All of that to say, that in the diversified paint experiences that we’ve been privy too, there is one common theme that runs throughout my conversations with people.

Embrace Imperfection!

When you bring in your pieces to custom paint, they are going to show the life they’ve lived; chips in the finish, scratches on the surface or dings along the edges. There is nothing you can do (short of taking them to an experienced wood worker) to bring them back to manufactured perfection! So, embrace the flaws!

This guy has bleed through all along the sides-adding some dark wax to help it blend allowed me to embrace those imperfections rather than address the bleed through

Earlier this week, I was working with a customer on her kitchen cabinets. Our conversation went something like this:

“I don’t want any brush strokes in my paint.” -Her

“Well…Okay. But why?” -Me

“Ummm…well…errr…I don’t know.” -Her

“We can do that. Work out the brush strokes by smoothing the finish between coats and using water to help the paint self level. It’ll take some time…much longer process than just applying the paint naturally. But it can be done. HOWEVER…let’s think about what you are trying to achieve with the transformation…” -ME

These cabinets were painted with a large bristled brush to enhance the brush strokes thereby providing beautiful depth of color and texture

Here’s my paint philosophy…and I’ll beat it into people whenever they walk through the door to talk about their “perfect finishes” (in a totally nice way…btw).

If you are going to take the time and go through the expense of a paint project, adjust your perception from bringing perfection back into a worn, well loved space and change it to providing an artisan finish onto a piece (or kitchen cabinets) that has experienced a life well lived. It means you spend your time altering the finish…breathing new life into it by changing the color or adding texture while simultaneously showcasing the artistry behind the process.

(To really understand my philosophy, make note of how I define these finishes:
“Perfect finish”- typically synonymous with a smooth paint finish that does not have the appearance of brush strokes.
“Artisan finish” – a paint finish that shows varying degrees of brush strokes in an irregular pattern).

Consider how contract painters approach a job. They’ll go into a house, throw up some plastic, pull out an industrial paint sprayer, put some paint on your cabinets and call it a day. It is nothing more than function. (I often remind people that if you hire a traditional painter, you’re paying them to spend more time preparing to paint than to actually do the painting).

An artisan will approach the job much more kinesthetically; with a keen eye for style and implementation all while appreciating and enjoying the process itself.

I think it is fair to say that the notion of “painting with the grain in smooth and even brush strokes” has been beaten into our brains for decades. I actually can’t even think of where that idea originated from and where or how we hear so often…but we do. I am releasing you from the pressure of that type of (and more functional approach to) painting!!!!

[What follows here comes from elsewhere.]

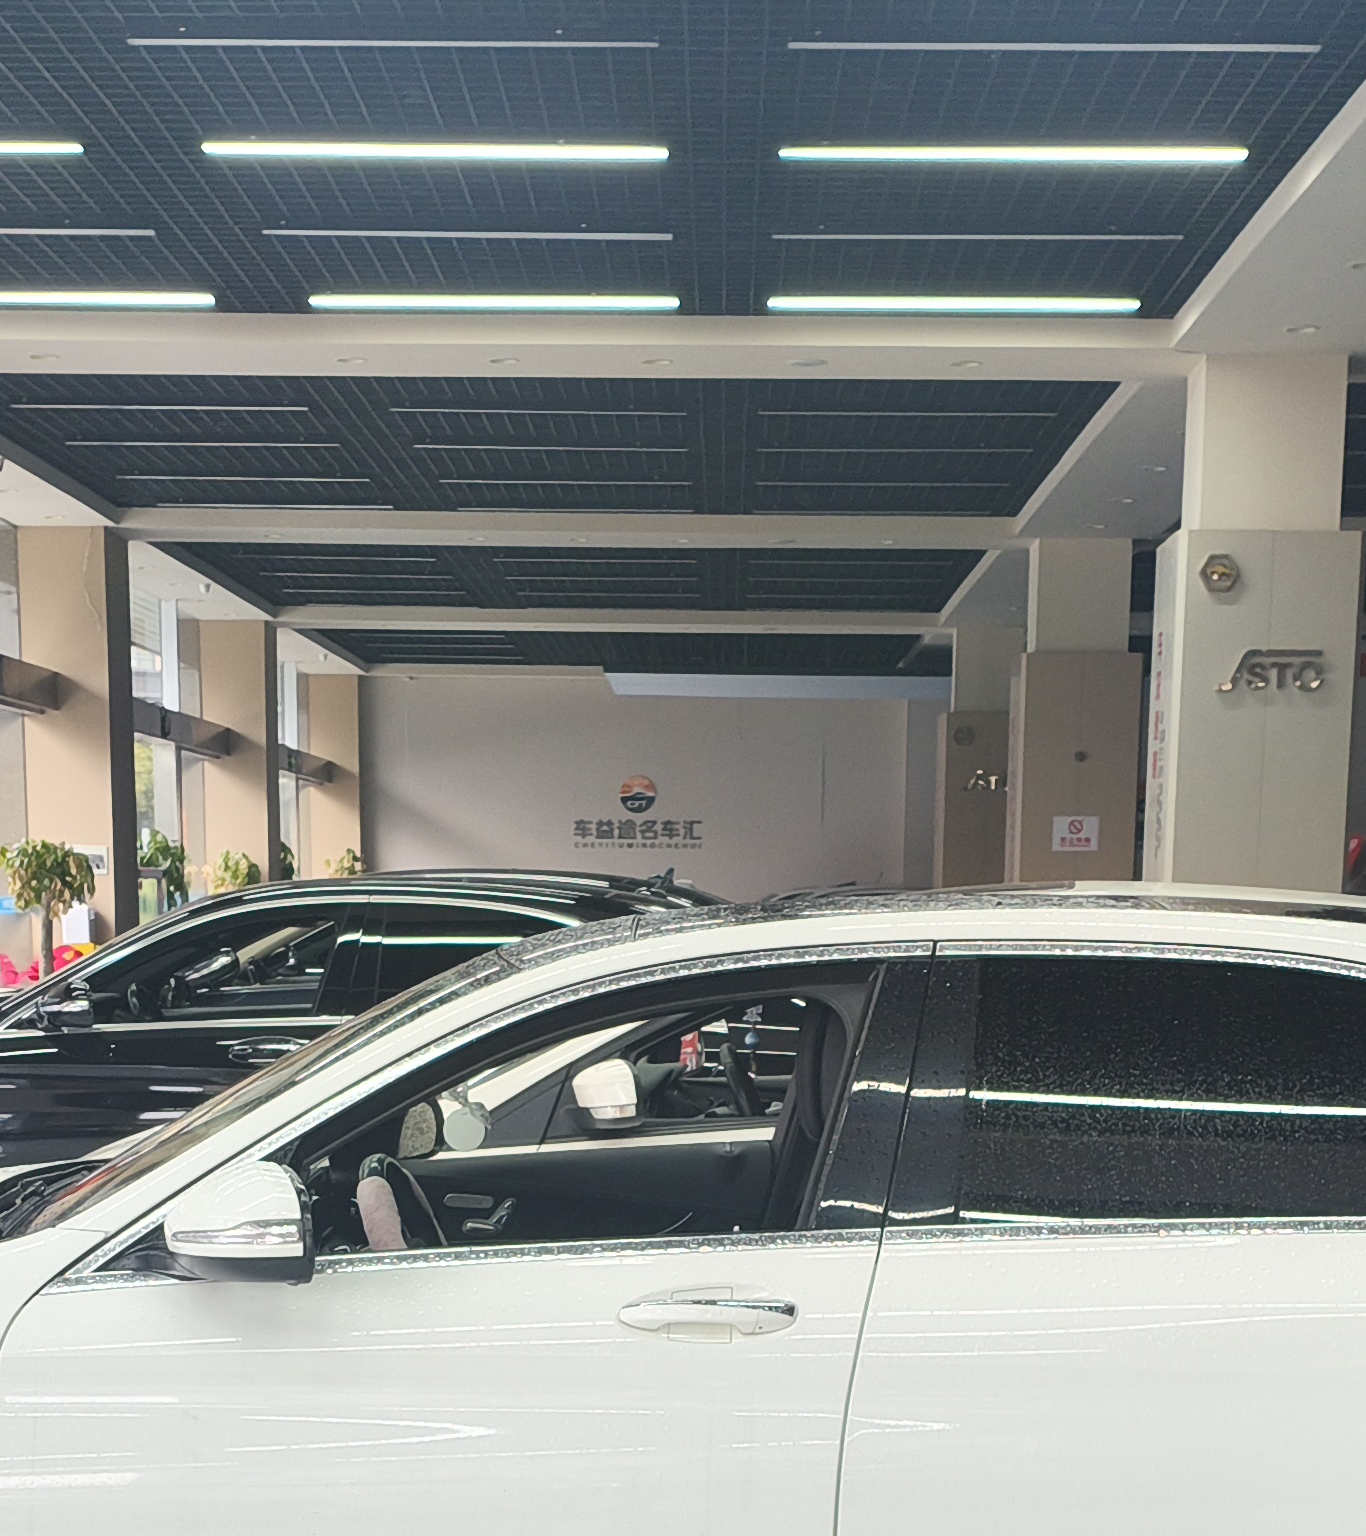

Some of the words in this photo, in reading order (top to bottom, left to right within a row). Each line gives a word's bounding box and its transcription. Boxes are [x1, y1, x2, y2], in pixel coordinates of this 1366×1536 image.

[573, 819, 703, 840] 车益途名车汇

In a nutshell, here are the advantages of moving away from “perfect”, i.e. smooth finishes:

1. Painting is far more enjoyable when you don’t have to think about the direction and appearance of your brush strokes.

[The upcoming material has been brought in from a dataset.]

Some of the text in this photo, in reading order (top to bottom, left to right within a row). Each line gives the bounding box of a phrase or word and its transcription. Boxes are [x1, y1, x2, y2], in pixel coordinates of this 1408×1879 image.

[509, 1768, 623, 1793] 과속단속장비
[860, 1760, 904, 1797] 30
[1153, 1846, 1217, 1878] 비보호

2. It takes much less time to paint artistically than it does to paint “perfectly” and you’re paint will go much further.

3. Perfect paint finishes lack character and artistry providing the appearance that the just rolled off of a manufacturing conveyor belt. Boring!

4. Perfect finishes are much harder to maintain. There’s no room for life to take its natural course in the midst of a perfect paint finish whereas artistic finishes that embrace the existing flaws both wear more naturally and are easier to fix down the road.

5. Artistic finishes; i.e. one that incorporates a variety of brush strokes in varying patterns, are far more unique in style, suggesting time and care of application done by a design professional.

To summarize, while there is a time and place for smoother, more precise finishes, that is the exception rather than the rule. And, to clarify, artistic painting is intentional painting and NOT lazy painting.